Des cendres. Il restera de tout ce jeu, de notre façon d’être et de voir, juste des cendres. Nous n’avons aucune illusion à nous faire, semble dire Tsuki Garbian, au moment d’aboutir sa dernière série de dessins, liés à cette histoire prodigieuse autant qu’illusoire, de l’art. Il revient alors en mémoire deux œuvres (contradictoires) du peintre israélien. L’une et l’autre, par des chemins différents, annoncent le travail à venir. La première figure un jeune homme à la terrasse d’un café nocturne. Il est assis, dans le tourbillonnement des lumières. Les couleurs sont les mêmes que celles du café parisien de Van Gogh. Cet orangé et ces lueurs, ce désir halluciné que le bonheur puisse durer quelques instants encore.
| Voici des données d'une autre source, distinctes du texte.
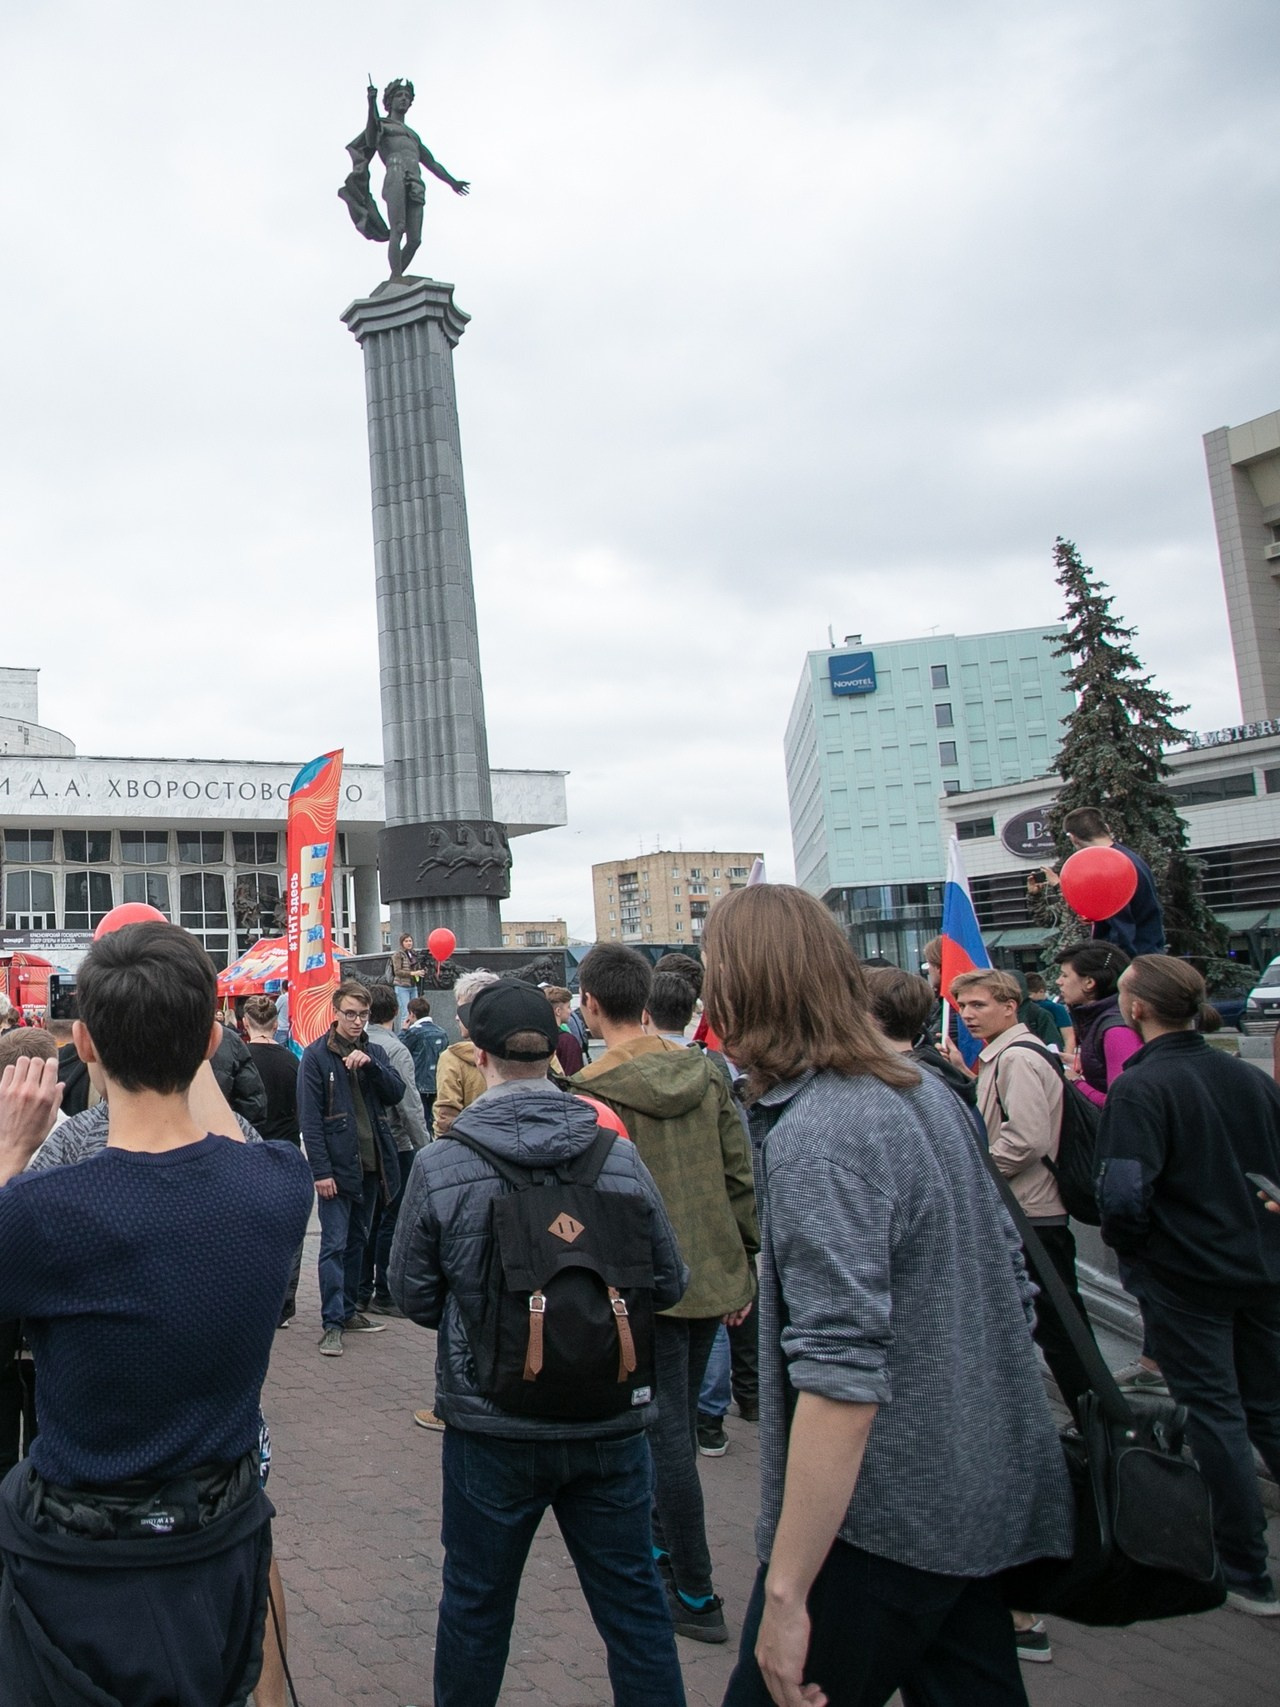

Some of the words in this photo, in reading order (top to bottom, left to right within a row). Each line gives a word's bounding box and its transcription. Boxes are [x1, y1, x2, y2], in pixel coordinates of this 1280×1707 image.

[833, 678, 873, 688] NOVOTEL
[1190, 718, 1280, 749] AMSTER
[29, 778, 91, 799] Д.А.
[107, 779, 363, 803] ХВОРОСТОВСО
[288, 872, 299, 952] #ТНТздесь
La seconde date de 2017, et l’on voit un homme chevaucher une autruche. C’est inhabituel, cela pourrait avoir lieu, dans un jardin psychiatrique. Illusions, dérangements multiples… Et au final, il n’en restera que des cendres. Ne vous faites aucune illusion.
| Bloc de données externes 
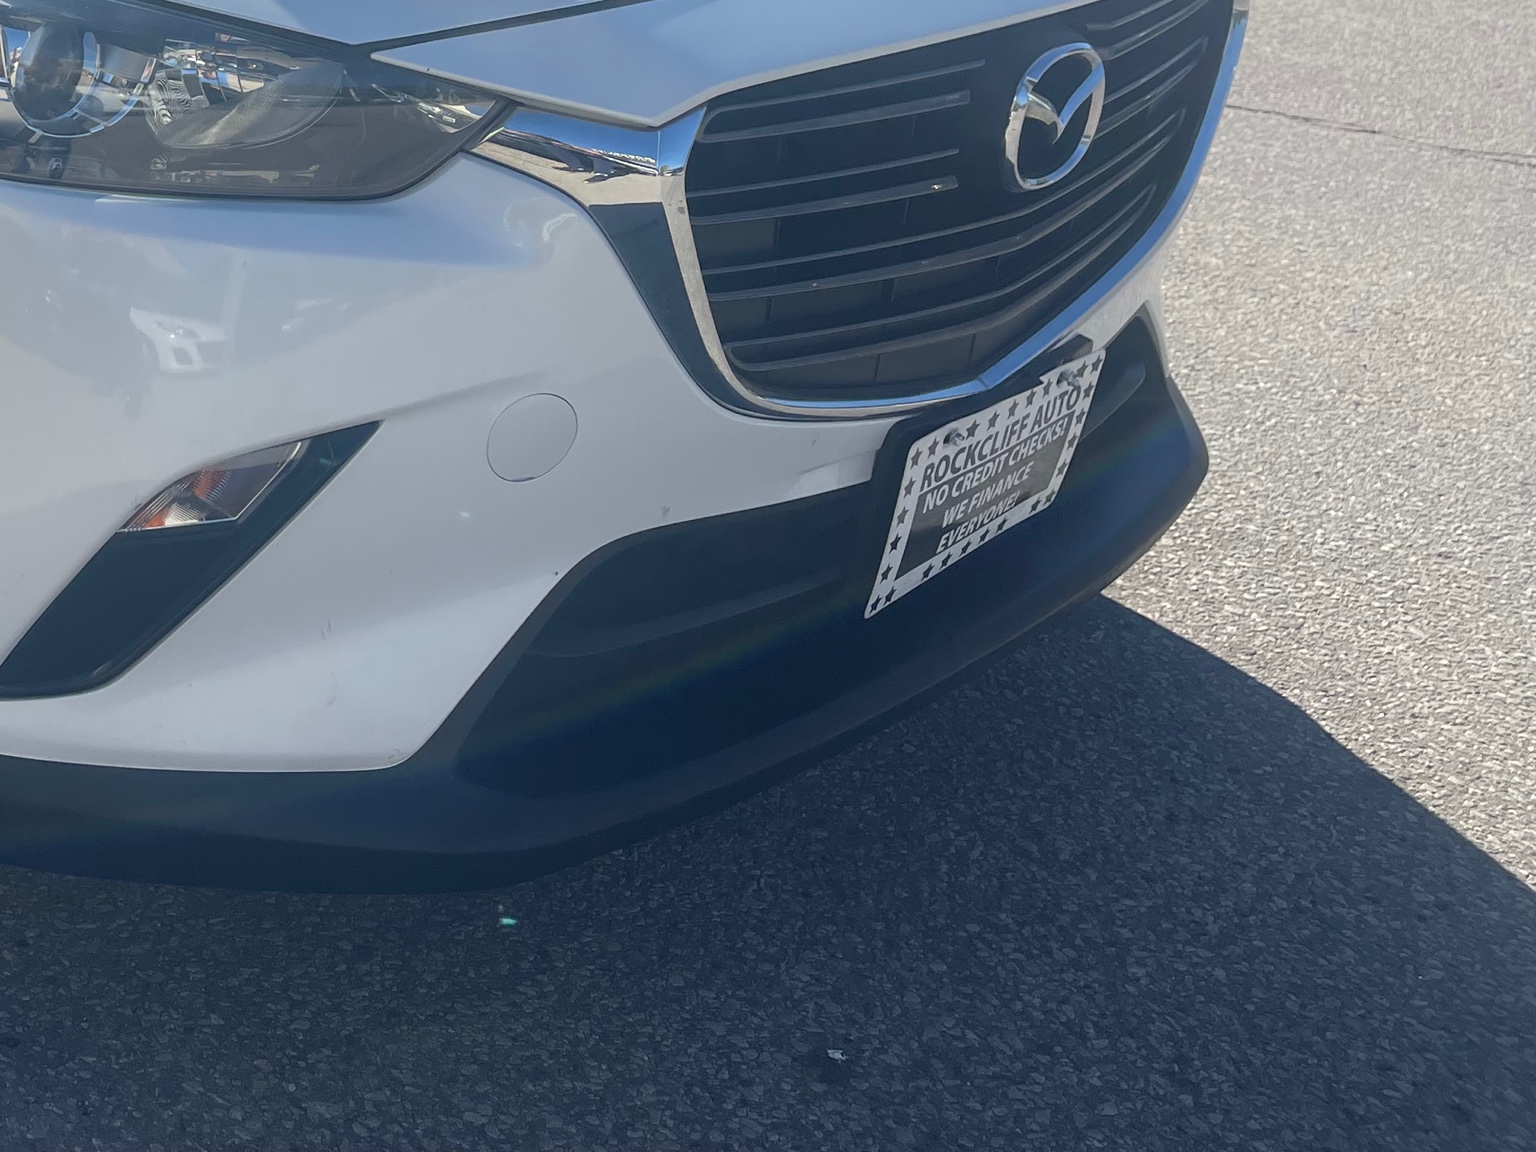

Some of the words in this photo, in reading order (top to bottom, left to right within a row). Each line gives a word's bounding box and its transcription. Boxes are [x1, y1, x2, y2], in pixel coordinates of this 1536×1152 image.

[920, 412, 1031, 493] ROCKCLIFF
[1030, 385, 1081, 433] AUTO
[923, 486, 949, 514] NO
[952, 453, 1010, 497] CREDIT
[1008, 417, 1069, 466] CHECKS!
[936, 490, 1021, 554] EVERYONE!
[942, 499, 969, 528] WE
[967, 461, 1034, 514] FINANCE
Le travail de Tsuki Garbian, réalisé sur des grands formats, n’est pas seulement virtuose. Ses dessins au charbon de bois ont une raison bien plus profonde. Il dit : « le charbon de bois est une matière qui contient la mort, les bâtons de charbon de bois de saule que j’utilise sont lavés sur le papier de coton blanc et transformés en une minuscule poudre noire qui pourrait être effacée et disparaître d’un coup. » L’extrême fragilité de la matière, comme de l’instant, cette incapacité à marquer durablement. Il est temps de se débarrasser de cet égo qui colle aux doigts. Il évoque alors, de la même façon qu’Ernest Breleur et ses radiographies, la profondeur qu’il y a dans ces visions intérieures, d’un corps, d’une volonté, de cet esprit qui croit. Tous les grands maîtres de la Renaissance ont disparu. Ils sont couchés dans la poussière des tombeaux, et Tsuki peint leurs dernières rondes. Une femme saisit une grappe de raisin. Un enfant joue avec la tête d’un chien. Déjà le tableau s’efface.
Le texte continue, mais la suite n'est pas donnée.